• [What you should do] Nothing in the records may change when you print them out again.

►

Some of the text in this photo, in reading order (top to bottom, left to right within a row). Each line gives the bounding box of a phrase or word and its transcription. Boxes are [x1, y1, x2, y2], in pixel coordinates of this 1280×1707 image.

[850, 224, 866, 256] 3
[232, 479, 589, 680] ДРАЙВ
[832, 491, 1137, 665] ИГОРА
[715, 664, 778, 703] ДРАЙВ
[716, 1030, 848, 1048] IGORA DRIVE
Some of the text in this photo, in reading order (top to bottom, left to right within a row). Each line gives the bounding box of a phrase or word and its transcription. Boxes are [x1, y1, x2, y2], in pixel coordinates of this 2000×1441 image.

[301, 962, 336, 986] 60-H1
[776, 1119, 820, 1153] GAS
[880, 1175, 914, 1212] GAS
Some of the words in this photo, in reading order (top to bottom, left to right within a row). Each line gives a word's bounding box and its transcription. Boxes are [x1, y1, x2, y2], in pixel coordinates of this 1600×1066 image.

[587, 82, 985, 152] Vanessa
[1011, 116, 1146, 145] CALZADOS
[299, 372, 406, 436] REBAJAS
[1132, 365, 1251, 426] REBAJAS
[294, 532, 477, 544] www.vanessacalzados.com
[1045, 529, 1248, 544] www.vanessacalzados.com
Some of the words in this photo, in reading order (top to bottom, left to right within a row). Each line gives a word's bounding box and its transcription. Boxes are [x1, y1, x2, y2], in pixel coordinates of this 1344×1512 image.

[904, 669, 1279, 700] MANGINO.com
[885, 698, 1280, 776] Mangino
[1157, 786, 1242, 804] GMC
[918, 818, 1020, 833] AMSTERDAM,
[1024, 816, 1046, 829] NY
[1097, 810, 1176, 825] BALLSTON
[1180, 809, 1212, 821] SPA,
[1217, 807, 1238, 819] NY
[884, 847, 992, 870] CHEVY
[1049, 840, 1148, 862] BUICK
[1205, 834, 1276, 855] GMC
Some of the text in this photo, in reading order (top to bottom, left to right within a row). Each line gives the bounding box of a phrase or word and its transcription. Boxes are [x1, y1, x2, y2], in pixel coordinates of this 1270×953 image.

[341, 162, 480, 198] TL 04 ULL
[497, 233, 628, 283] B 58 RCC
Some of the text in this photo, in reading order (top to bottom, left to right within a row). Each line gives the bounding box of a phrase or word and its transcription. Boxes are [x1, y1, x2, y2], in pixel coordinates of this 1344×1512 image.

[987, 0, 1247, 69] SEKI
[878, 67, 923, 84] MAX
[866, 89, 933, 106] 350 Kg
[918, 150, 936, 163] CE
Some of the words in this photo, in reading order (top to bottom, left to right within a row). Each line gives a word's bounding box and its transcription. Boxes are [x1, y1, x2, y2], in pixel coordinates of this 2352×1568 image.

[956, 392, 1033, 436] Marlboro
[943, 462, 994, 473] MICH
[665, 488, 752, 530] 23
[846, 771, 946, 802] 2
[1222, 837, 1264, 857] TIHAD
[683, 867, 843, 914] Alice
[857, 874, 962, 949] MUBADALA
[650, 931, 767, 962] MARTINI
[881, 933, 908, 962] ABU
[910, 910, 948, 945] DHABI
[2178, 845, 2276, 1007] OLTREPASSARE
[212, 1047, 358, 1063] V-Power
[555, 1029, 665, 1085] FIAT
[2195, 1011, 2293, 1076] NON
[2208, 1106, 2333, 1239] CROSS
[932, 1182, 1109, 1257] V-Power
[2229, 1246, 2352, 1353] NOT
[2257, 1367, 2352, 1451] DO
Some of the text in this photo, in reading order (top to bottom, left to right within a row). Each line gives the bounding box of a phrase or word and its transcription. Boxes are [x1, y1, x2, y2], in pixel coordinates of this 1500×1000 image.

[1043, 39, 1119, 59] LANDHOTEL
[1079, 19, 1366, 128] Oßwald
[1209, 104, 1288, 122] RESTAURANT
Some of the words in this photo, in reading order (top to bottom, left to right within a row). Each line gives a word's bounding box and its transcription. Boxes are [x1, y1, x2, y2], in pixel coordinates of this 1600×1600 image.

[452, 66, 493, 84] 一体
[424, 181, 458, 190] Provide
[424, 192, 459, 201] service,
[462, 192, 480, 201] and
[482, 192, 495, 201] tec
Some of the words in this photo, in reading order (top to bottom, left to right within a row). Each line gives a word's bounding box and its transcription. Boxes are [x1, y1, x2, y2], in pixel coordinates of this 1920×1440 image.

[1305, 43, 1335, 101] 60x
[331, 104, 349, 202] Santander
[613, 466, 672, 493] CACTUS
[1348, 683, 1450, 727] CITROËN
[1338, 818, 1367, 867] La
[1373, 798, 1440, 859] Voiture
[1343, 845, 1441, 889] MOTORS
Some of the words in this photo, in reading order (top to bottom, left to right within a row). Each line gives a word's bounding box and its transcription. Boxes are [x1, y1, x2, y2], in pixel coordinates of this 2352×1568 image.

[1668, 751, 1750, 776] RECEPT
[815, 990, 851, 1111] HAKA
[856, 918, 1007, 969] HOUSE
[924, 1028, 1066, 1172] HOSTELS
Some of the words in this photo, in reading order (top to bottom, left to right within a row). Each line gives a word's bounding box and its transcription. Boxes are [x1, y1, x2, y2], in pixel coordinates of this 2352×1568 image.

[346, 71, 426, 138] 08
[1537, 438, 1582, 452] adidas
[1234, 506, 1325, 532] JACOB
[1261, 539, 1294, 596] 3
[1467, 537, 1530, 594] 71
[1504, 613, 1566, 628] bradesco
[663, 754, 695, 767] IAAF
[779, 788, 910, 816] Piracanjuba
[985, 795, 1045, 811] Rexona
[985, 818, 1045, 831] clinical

◄

• [Solution to this problem]
Some of the text in this photo, in reading order (top to bottom, left to right within a row). Each line gives the bounding box of a phrase or word and its transcription. Boxes are [x1, y1, x2, y2], in pixel coordinates of this 1280×1707 image.

[850, 224, 866, 256] 3
[232, 479, 589, 680] ДРАЙВ
[832, 491, 1137, 665] ИГОРА
[715, 664, 778, 703] ДРАЙВ
[716, 1030, 848, 1048] IGORA DRIVE
Some of the text in this photo, in reading order (top to bottom, left to right within a row). Each line gives the bounding box of a phrase or word and its transcription. Boxes are [x1, y1, x2, y2], in pixel coordinates of this 2000×1441 image.

[301, 962, 336, 986] 60-H1
[776, 1119, 820, 1153] GAS
[880, 1175, 914, 1212] GAS
Some of the words in this photo, in reading order (top to bottom, left to right within a row). Each line gives a word's bounding box and its transcription. Boxes are [x1, y1, x2, y2], in pixel coordinates of this 1600×1066 image.

[587, 82, 985, 152] Vanessa
[1011, 116, 1146, 145] CALZADOS
[299, 372, 406, 436] REBAJAS
[1132, 365, 1251, 426] REBAJAS
[294, 532, 477, 544] www.vanessacalzados.com
[1045, 529, 1248, 544] www.vanessacalzados.com
Some of the words in this photo, in reading order (top to bottom, left to right within a row). Each line gives a word's bounding box and its transcription. Boxes are [x1, y1, x2, y2], in pixel coordinates of this 1344×1512 image.

[904, 669, 1279, 700] MANGINO.com
[885, 698, 1280, 776] Mangino
[1157, 786, 1242, 804] GMC
[918, 818, 1020, 833] AMSTERDAM,
[1024, 816, 1046, 829] NY
[1097, 810, 1176, 825] BALLSTON
[1180, 809, 1212, 821] SPA,
[1217, 807, 1238, 819] NY
[884, 847, 992, 870] CHEVY
[1049, 840, 1148, 862] BUICK
[1205, 834, 1276, 855] GMC
Some of the text in this photo, in reading order (top to bottom, left to right within a row). Each line gives the bounding box of a phrase or word and its transcription. Boxes are [x1, y1, x2, y2], in pixel coordinates of this 1270×953 image.

[341, 162, 480, 198] TL 04 ULL
[497, 233, 628, 283] B 58 RCC
Some of the text in this photo, in reading order (top to bottom, left to right within a row). Each line gives the bounding box of a phrase or word and its transcription. Boxes are [x1, y1, x2, y2], in pixel coordinates of this 1344×1512 image.

[987, 0, 1247, 69] SEKI
[878, 67, 923, 84] MAX
[866, 89, 933, 106] 350 Kg
[918, 150, 936, 163] CE
Some of the words in this photo, in reading order (top to bottom, left to right within a row). Each line gives a word's bounding box and its transcription. Boxes are [x1, y1, x2, y2], in pixel coordinates of this 2352×1568 image.

[956, 392, 1033, 436] Marlboro
[943, 462, 994, 473] MICH
[665, 488, 752, 530] 23
[846, 771, 946, 802] 2
[1222, 837, 1264, 857] TIHAD
[683, 867, 843, 914] Alice
[857, 874, 962, 949] MUBADALA
[650, 931, 767, 962] MARTINI
[881, 933, 908, 962] ABU
[910, 910, 948, 945] DHABI
[2178, 845, 2276, 1007] OLTREPASSARE
[212, 1047, 358, 1063] V-Power
[555, 1029, 665, 1085] FIAT
[2195, 1011, 2293, 1076] NON
[2208, 1106, 2333, 1239] CROSS
[932, 1182, 1109, 1257] V-Power
[2229, 1246, 2352, 1353] NOT
[2257, 1367, 2352, 1451] DO
Some of the text in this photo, in reading order (top to bottom, left to right within a row). Each line gives the bounding box of a phrase or word and its transcription. Boxes are [x1, y1, x2, y2], in pixel coordinates of this 1500×1000 image.

[1043, 39, 1119, 59] LANDHOTEL
[1079, 19, 1366, 128] Oßwald
[1209, 104, 1288, 122] RESTAURANT
Some of the words in this photo, in reading order (top to bottom, left to right within a row). Each line gives a word's bounding box and its transcription. Boxes are [x1, y1, x2, y2], in pixel coordinates of this 1600×1600 image.

[452, 66, 493, 84] 一体
[424, 181, 458, 190] Provide
[424, 192, 459, 201] service,
[462, 192, 480, 201] and
[482, 192, 495, 201] tec
Some of the words in this photo, in reading order (top to bottom, left to right within a row). Each line gives a word's bounding box and its transcription. Boxes are [x1, y1, x2, y2], in pixel coordinates of this 1920×1440 image.

[1305, 43, 1335, 101] 60x
[331, 104, 349, 202] Santander
[613, 466, 672, 493] CACTUS
[1348, 683, 1450, 727] CITROËN
[1338, 818, 1367, 867] La
[1373, 798, 1440, 859] Voiture
[1343, 845, 1441, 889] MOTORS
Some of the words in this photo, in reading order (top to bottom, left to right within a row). Each line gives a word's bounding box and its transcription. Boxes are [x1, y1, x2, y2], in pixel coordinates of this 2352×1568 image.

[1668, 751, 1750, 776] RECEPT
[815, 990, 851, 1111] HAKA
[856, 918, 1007, 969] HOUSE
[924, 1028, 1066, 1172] HOSTELS
Some of the words in this photo, in reading order (top to bottom, left to right within a row). Each line gives a word's bounding box and its transcription. Boxes are [x1, y1, x2, y2], in pixel coordinates of this 2352×1568 image.

[346, 71, 426, 138] 08
[1537, 438, 1582, 452] adidas
[1234, 506, 1325, 532] JACOB
[1261, 539, 1294, 596] 3
[1467, 537, 1530, 594] 71
[1504, 613, 1566, 628] bradesco
[663, 754, 695, 767] IAAF
[779, 788, 910, 816] Piracanjuba
[985, 795, 1045, 811] Rexona
[985, 818, 1045, 831] clinical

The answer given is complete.